## [Problem requirements]
Please return each entry that follows exactly as given, but without pictures.

_ _ _ _ _ _ _

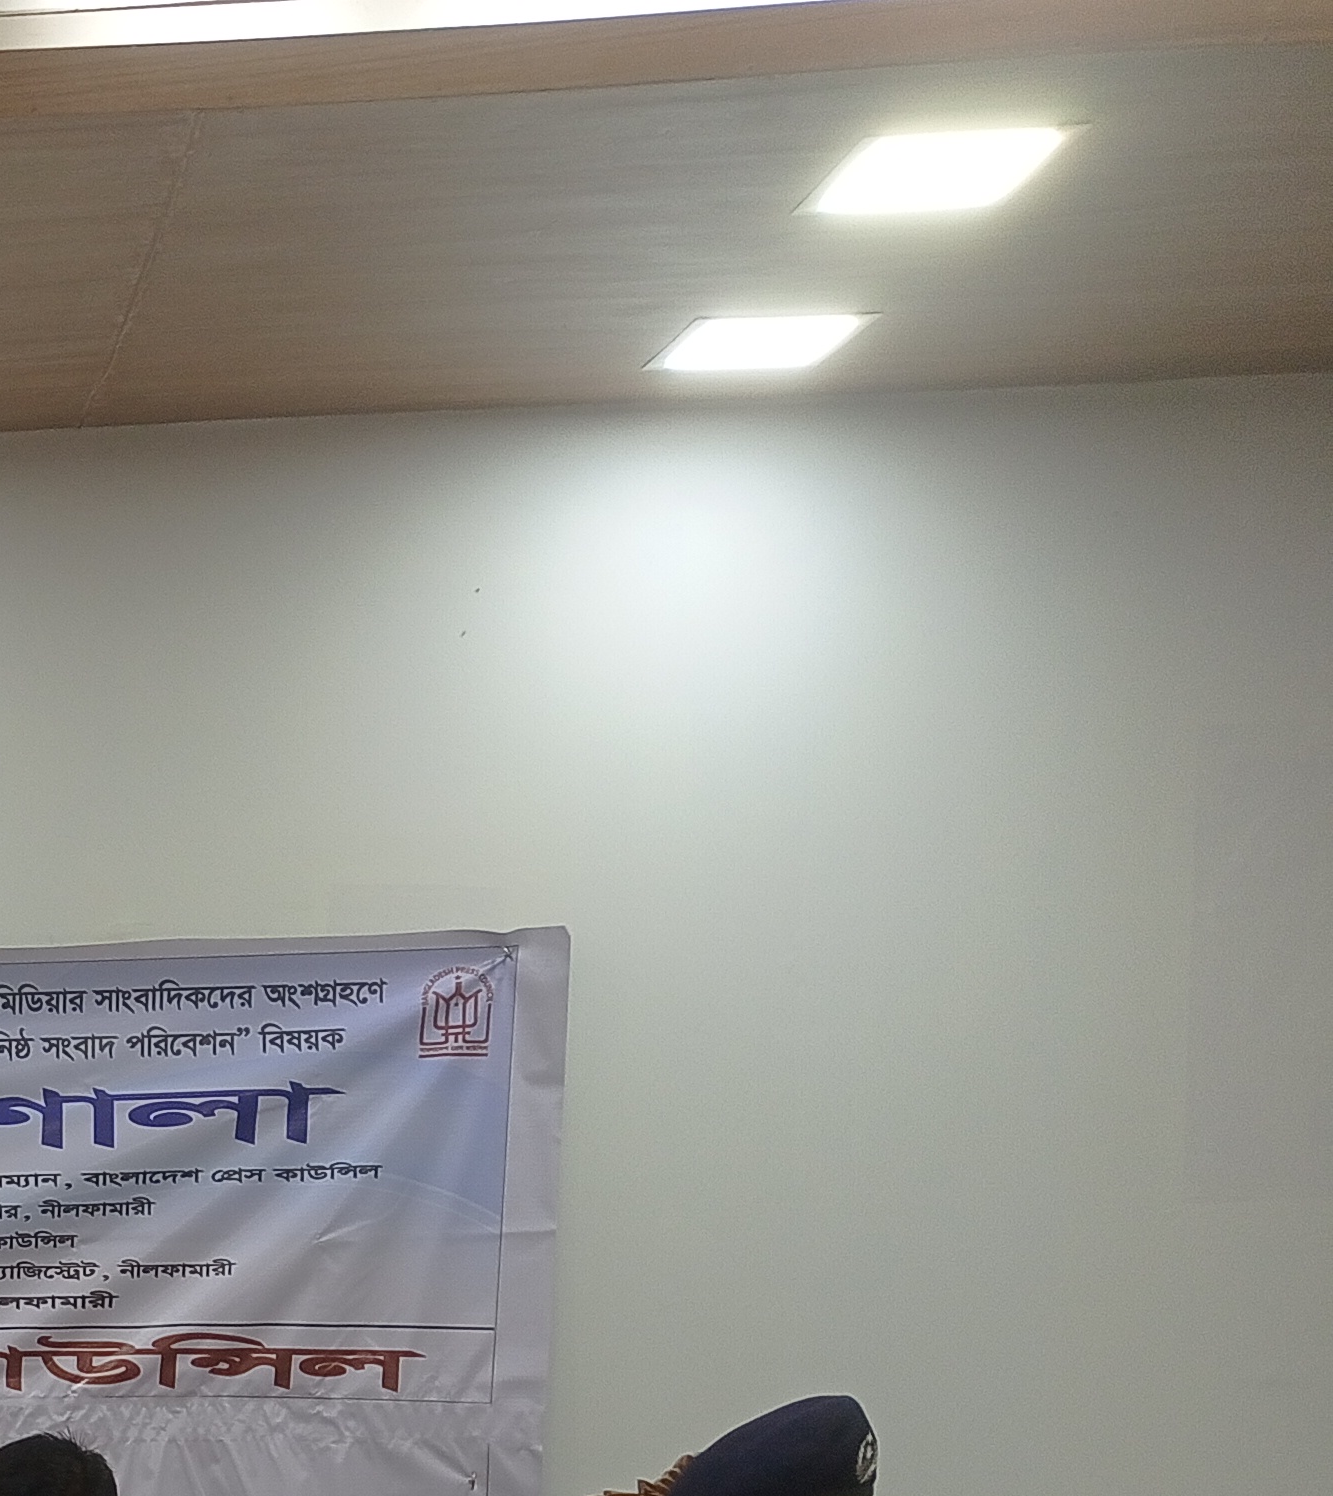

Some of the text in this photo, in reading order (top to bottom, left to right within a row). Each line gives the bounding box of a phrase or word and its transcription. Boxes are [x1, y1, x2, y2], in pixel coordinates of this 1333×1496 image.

[91, 979, 257, 1015] সাংবাদিকদের
[261, 977, 389, 1010] অংশগ্রহণে
[39, 1033, 120, 1062] সংবাদ
[257, 1022, 347, 1054] বিষয়ক
[79, 1167, 205, 1188] বাংলাদেশ
[210, 1167, 267, 1184] প্রেস
[271, 1161, 384, 1183] কাউন্সিল
[37, 1196, 157, 1220] নীলফামারী
[116, 1258, 237, 1280] নীলফামারী

_ _ _ _ _ _ _

## [Solution for this task]
Some of the text in this photo, in reading order (top to bottom, left to right within a row). Each line gives the bounding box of a phrase or word and its transcription. Boxes are [x1, y1, x2, y2], in pixel coordinates of this 1333×1496 image.

[91, 979, 257, 1015] সাংবাদিকদের
[261, 977, 389, 1010] অংশগ্রহণে
[39, 1033, 120, 1062] সংবাদ
[257, 1022, 347, 1054] বিষয়ক
[79, 1167, 205, 1188] বাংলাদেশ
[210, 1167, 267, 1184] প্রেস
[271, 1161, 384, 1183] কাউন্সিল
[37, 1196, 157, 1220] নীলফামারী
[116, 1258, 237, 1280] নীলফামারী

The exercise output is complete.